The president at first tried to blame the Democrats, but amidst an outcry from human rights activists and criticism from a number of Republicans, later signed an executive order to end the practice. As of a court-mandated deadline last week, there were still some 700 cases in which reunifications had not taken place, including about 430 in which adults had already been deported.

Noting that her mother was an immigrant who came to the United States legally, Ivanka Trump did agree with her father by stressing the U.S. was a "country of laws."

She said: "we have to be very careful about incentivizing behaviour that puts children at risk of being trafficked, risk of entering this country with coyotes or making an incredibly dangerous journey alone."

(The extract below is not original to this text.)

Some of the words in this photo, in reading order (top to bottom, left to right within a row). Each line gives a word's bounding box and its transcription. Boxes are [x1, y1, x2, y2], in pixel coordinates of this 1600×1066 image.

Press attacks continue from White House

A senior White House adviser who was speaking at Thursday's event to highlight the administration's initiatives on workforce development, she also told interviewer Mike Allen she does not agree that the news media are "the enemy of the people."

Trump said she held that view even though she has been the subject of reporting that she knows "not to be fully accurate."

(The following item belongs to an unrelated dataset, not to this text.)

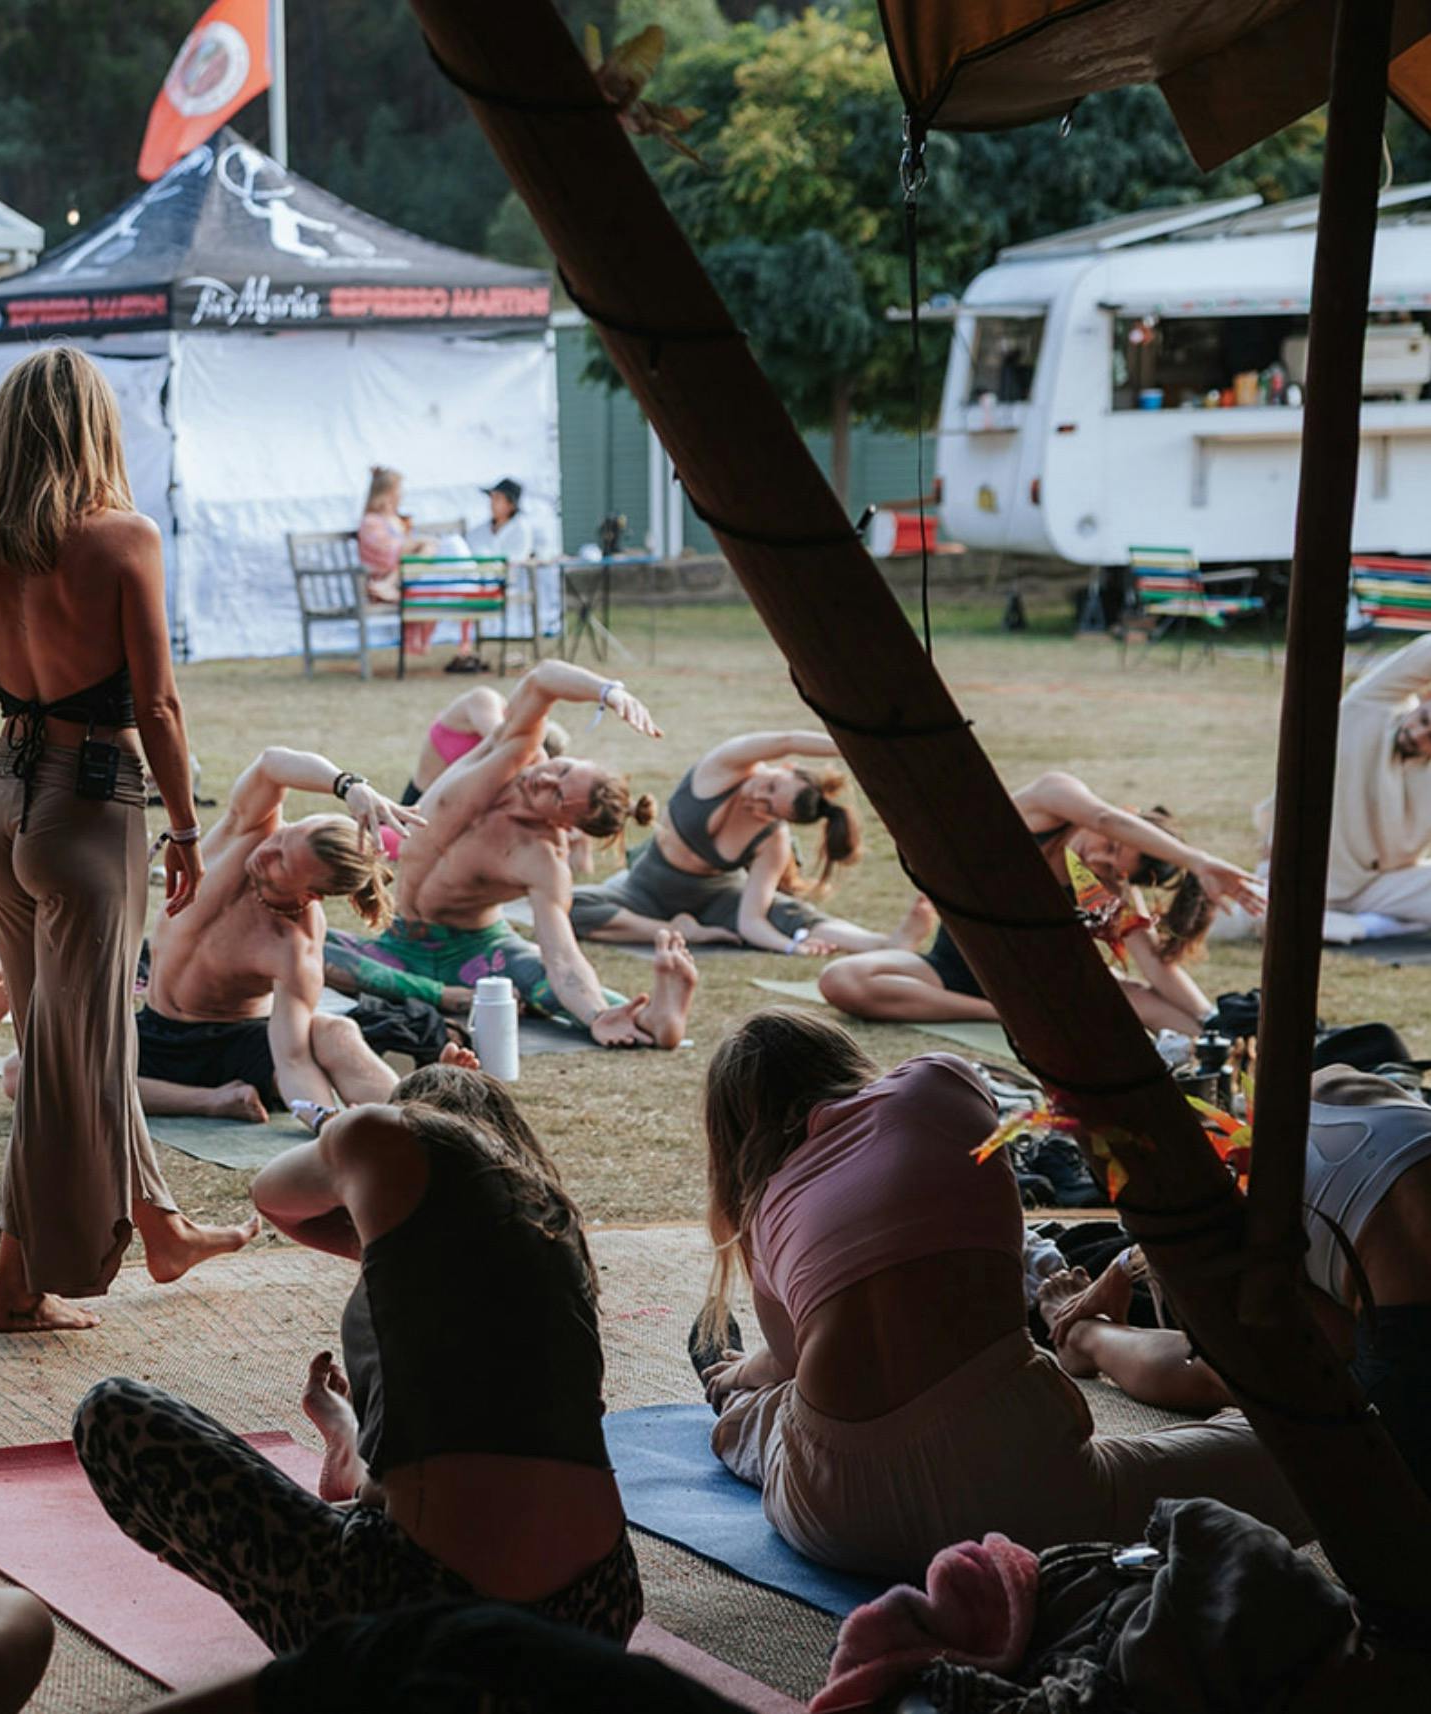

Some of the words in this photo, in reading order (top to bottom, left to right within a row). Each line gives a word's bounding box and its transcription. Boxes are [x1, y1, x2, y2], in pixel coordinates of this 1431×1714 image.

[227, 275, 320, 327] Maria
[329, 286, 449, 318] ESPRESSO
[452, 286, 549, 317] MARTINI

The president has broadly labelled the news media the "enemy of the people" and regularly accuses reporters of spreading "fake news" — his term for stories he dislikes.

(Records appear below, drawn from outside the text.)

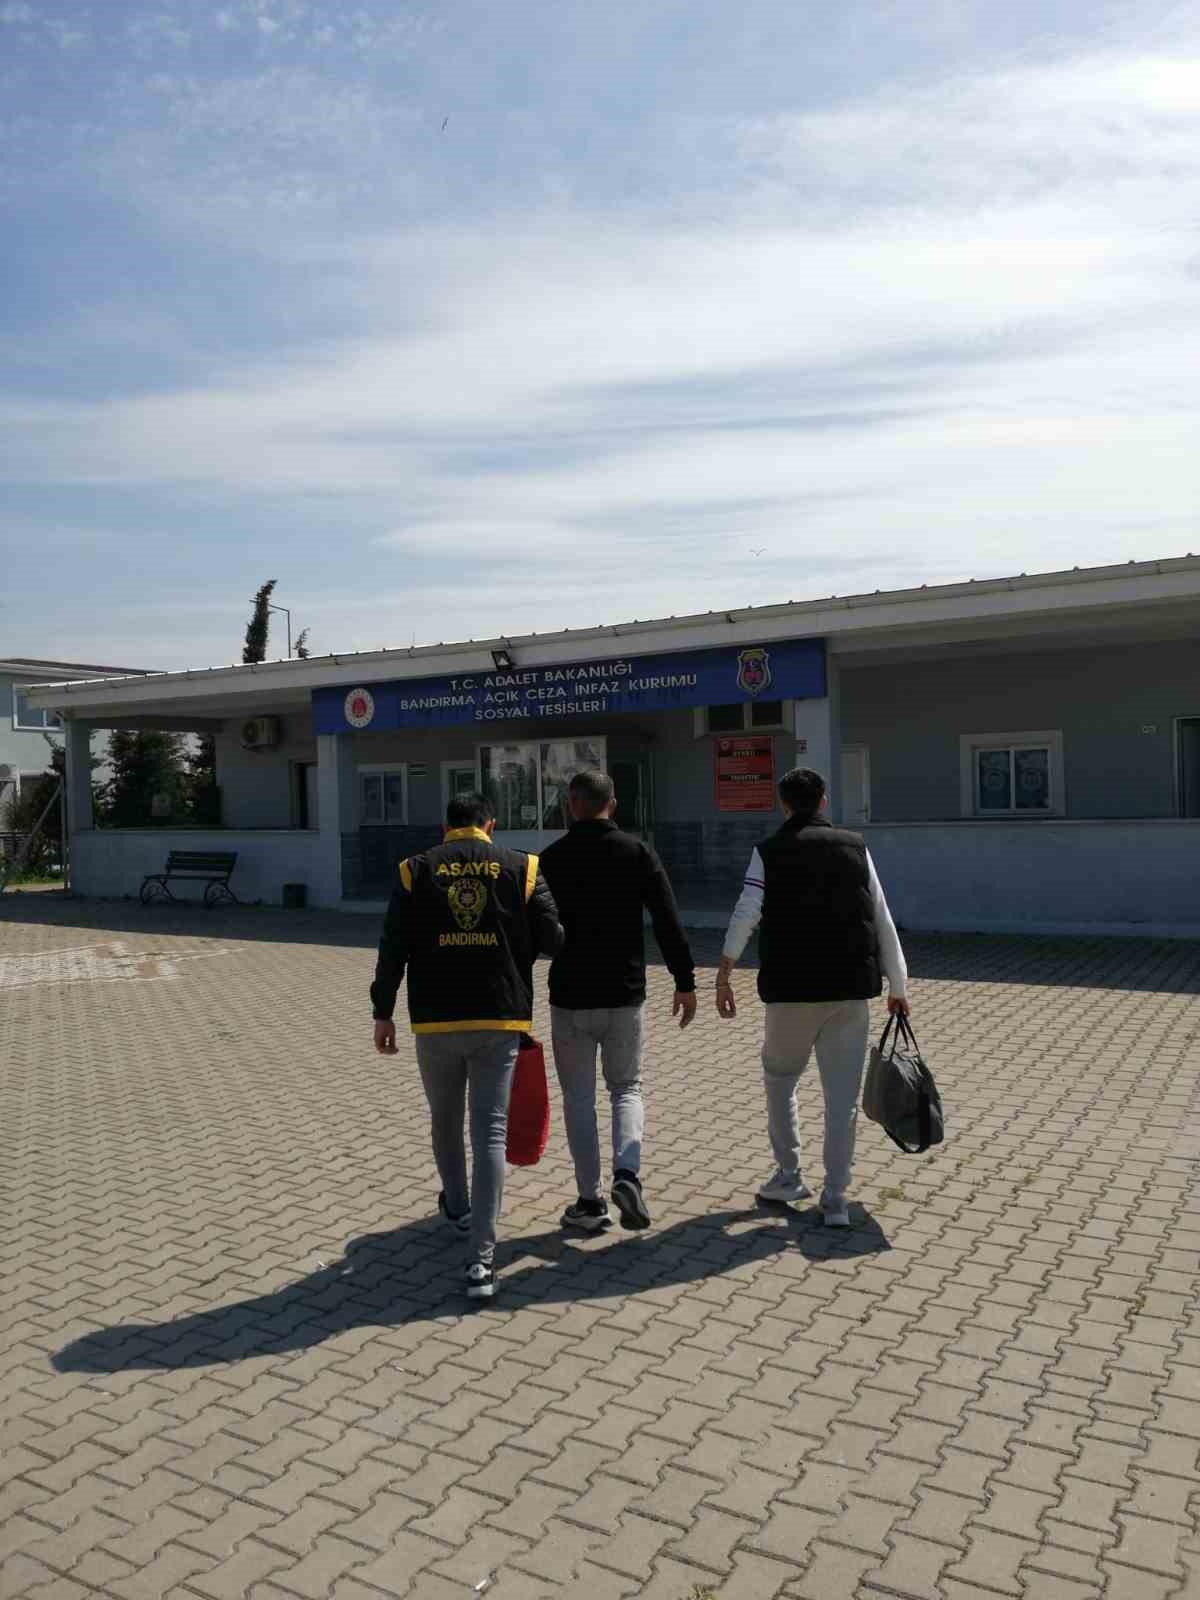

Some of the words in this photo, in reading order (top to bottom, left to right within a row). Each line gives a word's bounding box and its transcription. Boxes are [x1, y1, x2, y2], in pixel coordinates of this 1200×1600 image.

[451, 679, 478, 690] T.C.
[484, 672, 538, 687] ADALET
[544, 660, 632, 682] BAKANLIĞI
[400, 695, 475, 710] BANDIRMA
[526, 686, 567, 700] CEZA
[575, 680, 620, 696] İNFAZ
[629, 674, 697, 691] KURUMU
[474, 706, 530, 720] SOSYAL
[538, 696, 607, 716] TESİSLERİ
[436, 860, 501, 879] ASAYİŞ
[439, 932, 498, 946] BANDIRMA

On high points for the administration, she cited the president commuting the sentence of Alice Johnson, a woman serving a life sentence for drug offences whose case had been championed by reality TV star Kim Kardashian West.

She called Johnson leaving prison "one of the most beautiful things I've ever seen."

While Ivanka Trump was conciliatory towards the media, her father and his press secretary refused to give an inch later in the day.

White House press secretary Sarah Huckabee Sanders refused to distance herself from Trump's previous assertions that the media is the "enemy" of the American people. Pressed during a White House briefing on the issue, Sanders said Trump "has made his position known."

U.S. President Donald Trump has frequently singled out the press for ridicule at his campaign-style appearances, including Thursday night at Mohegan Sun Arena in Wilkes-Barre, Pa. (Leah Millis/Reuters)

In a heated exchange with reporters, she recited a litany of complaints against the press and blamed the media for inflaming tensions in the country.

Later Thursday night, at a rally in Pennsylvania, Trump ripped the "fake, fake, disgusting news."

"Whatever happened to the free press? Whatever happened to honest reporting?" Trump asked, pointing to the media in the back of the hall in Wilkes-Barre. "They don't report it. They only make up stories."

In Berlin on Thursday, experts appointed by the United Nations Human Rights Council and the Inter-American Commission on Human Rights condemned what they describe as "strategic" attacks on the press by the U.S. president.

In a joint statement, two experts on freedom of expression — David Kaye, appointed by the UN body, and the Inter-American Commission's Edison Lanza — wrote that "these attacks run counter to the country's obligations to respect press freedom and international human rights law."

They said Trump's "attacks are strategic, designed to undermine confidence in reporting and raise doubts about verifiable facts."

They added: "he has failed to show even once that specific reporting has been driven by any untoward motivations."